%0 Generic
%A Reichel, Valeska
%D 2006
%F heidok:6122
%K Organische AnionentransporterBlood-Cerebrospinal Fluid Barrier , Organic Anion Transport
%R 10.11588/heidok.00006122
%T Molecular and Functional Analyses of Transport Proteins for Organic Anions
%U https://archiv.ub.uni-heidelberg.de/volltextserver/6122/
%X The blood-cerebrospinal fluid (CSF)-barrier (CSFB) is formed by the Choroid Plexūs (CP). Together with the blood brain barrier it represents an important barrier between brain and circulating blood. Since it can only be passed by small, lipid-soluble and uncharged molecules it is of particular interest to study active transport processes for charged substances across this tissue, especially because many drugs are substrates for these transport proteins. Transporters in the CP are similar to those in the kidney. Therefore, I performed comparative experiments with model organic anions in isolated proximal kidney tubules of killfish and CP of rat and spiny dogfish shark.  ·First, I studied transport of the fluorescent cAMP analog fluo-cAMP. Inhibition studies indicate transport mediated by the export proteins Mrp2 and Mrp4. In contrast to transport of the Mrp2-substrate fluorescein-methotrexate (FL-MTX), transport is not regulated by proteinkinase (PK) A, and PKC. For better characterization of kinetic parameters I studied transport of fluo-cAMP in membrane vesicles of MRP2 and MRP4 overexpressing cells.

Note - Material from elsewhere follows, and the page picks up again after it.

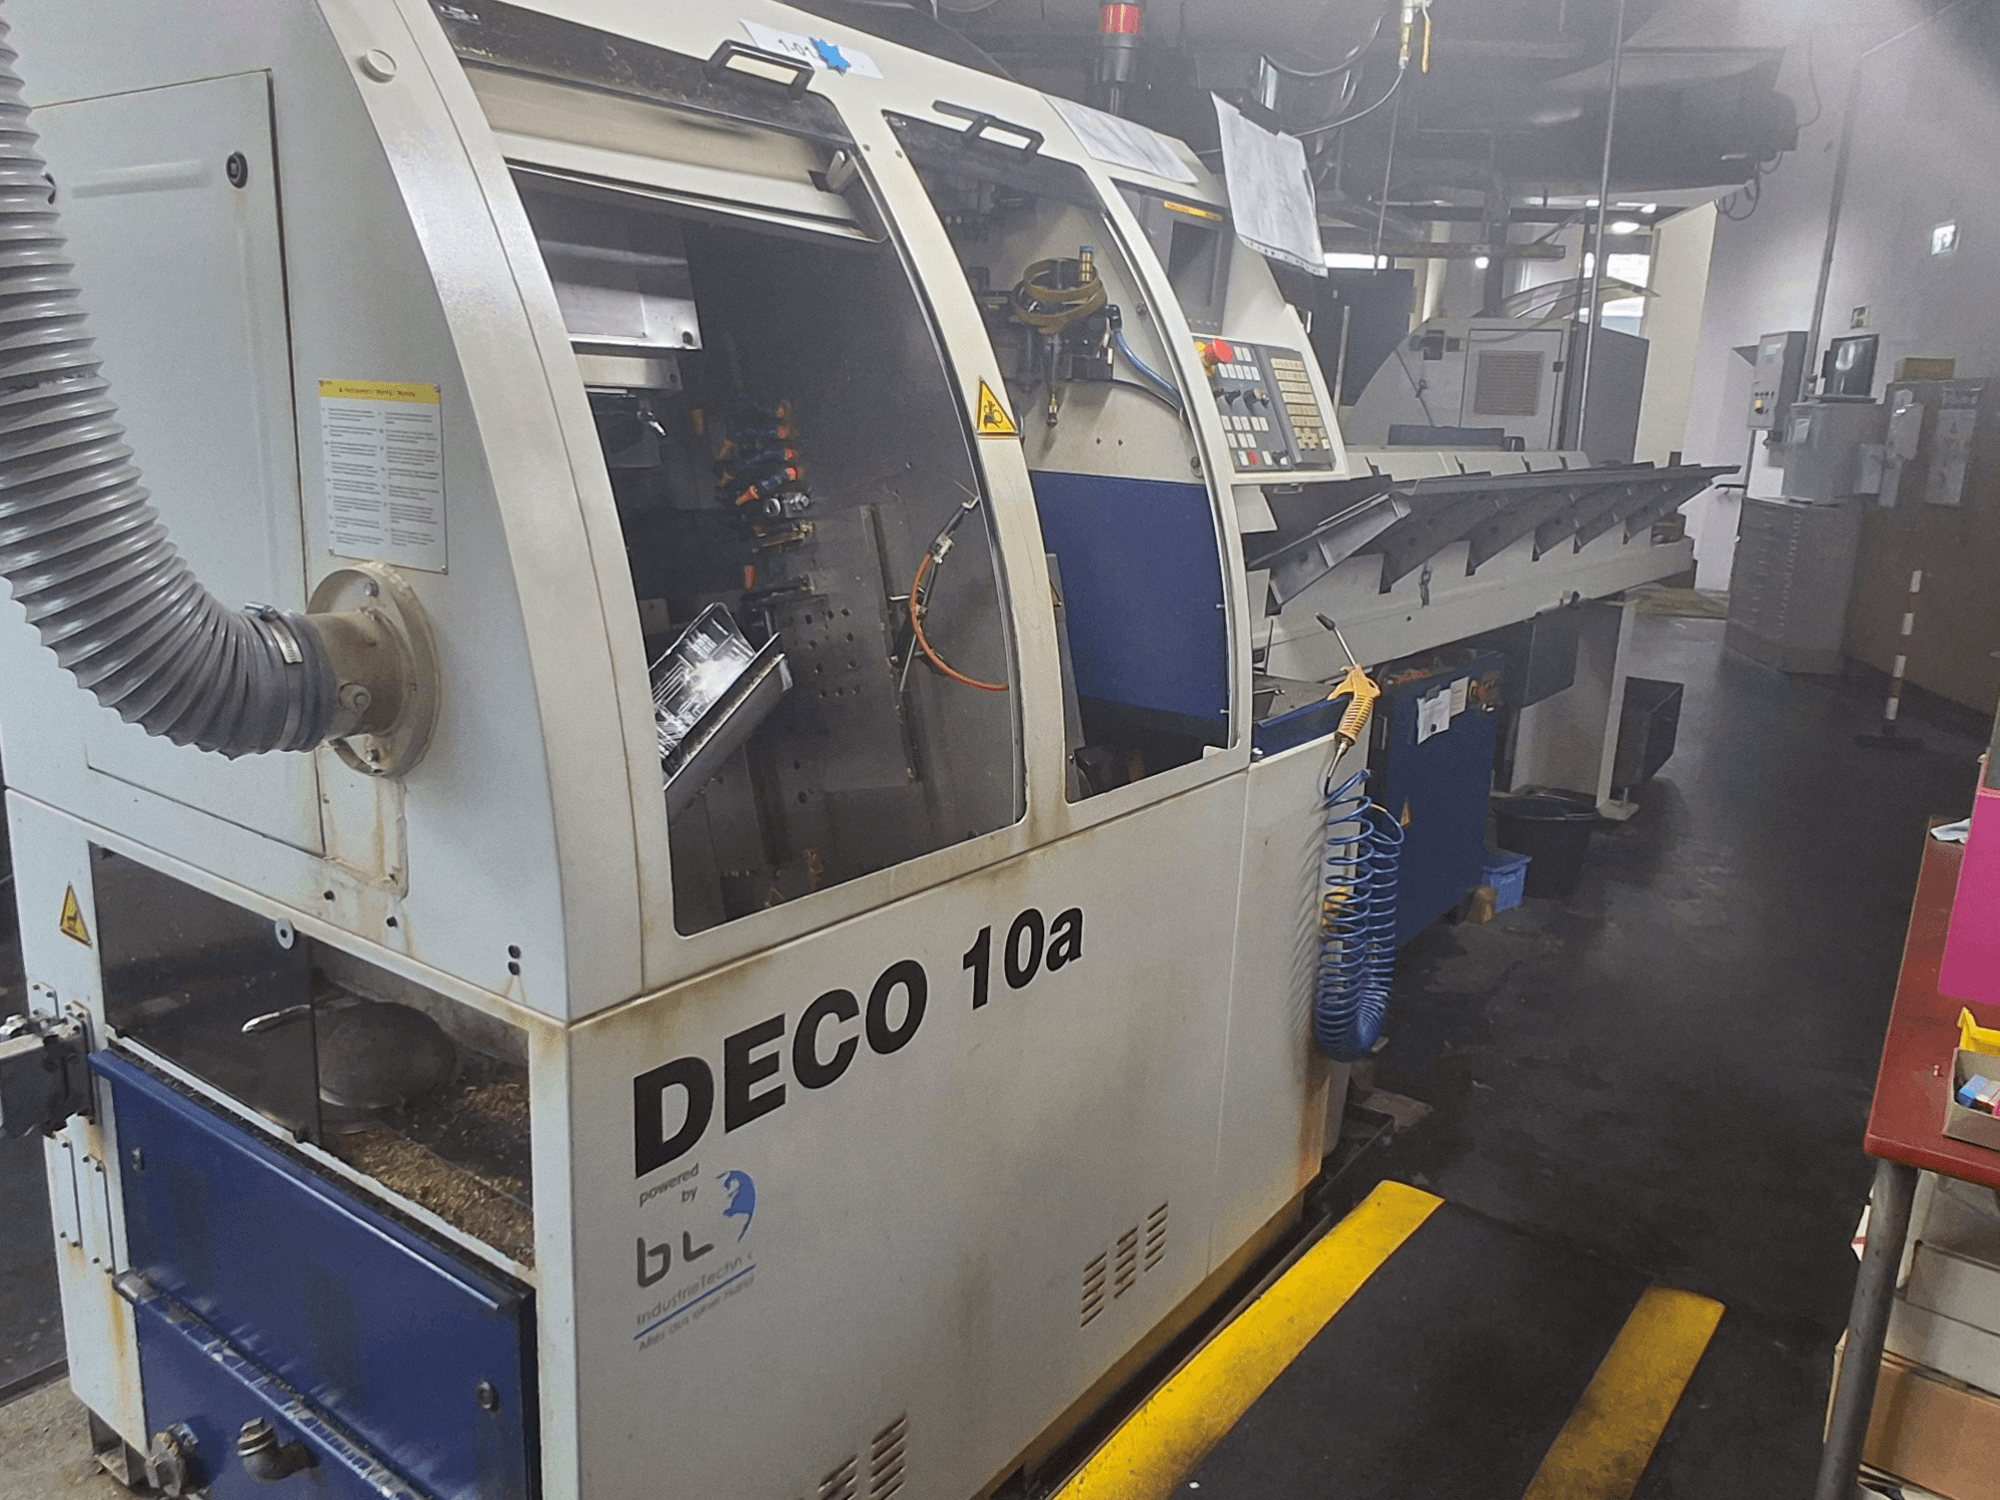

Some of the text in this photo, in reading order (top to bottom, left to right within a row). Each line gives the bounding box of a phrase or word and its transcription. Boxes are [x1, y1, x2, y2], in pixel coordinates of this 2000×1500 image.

Both MRPs transported fluo-cAMP with similar affinites. Different from results obtained from experiments using renal proximale tubules, fluo-cAMP transport in CP seems not to be mediated by Mrp4, whereas a participation of Mrp1 is likely. Regulation of fluo-cAMP transport in rat CP is not mediated by PKA, PKC or mitogen activated PK (MAPK). ·Transport of Texas Red (TR) and FL-MTX was studied in CP of rat and spiny dogfish shark. Transport of TR across rat CP is a two-step mechanism, which is metabolism-driven, Na+-dependent, potential independent and also independent from Mrp1, Mrp2 and Mrp4. In dogfish shark CP TR transport is Na+-independent, with apical uptake apparently mediated by an Oat-protein, whereas basolateral efflux seems to be mediated by Oatp2 and Mrp1. ·Apical uptake of FL-MTX in rat CP is also Na+-independent with an potential independent basolateral efflux, which is presumably mediated via Mrp1 and Oatp2. Activation of PKA results in an activation of FL-MTX efflux. In dogfish shark FL-MTX is transported via the same transport proteins. But in contrast to rat CP, activation of PKA results in a reduced efflux of FL-MTX, whereas activation of PKC leads to a downregulation of FL-MTX transport.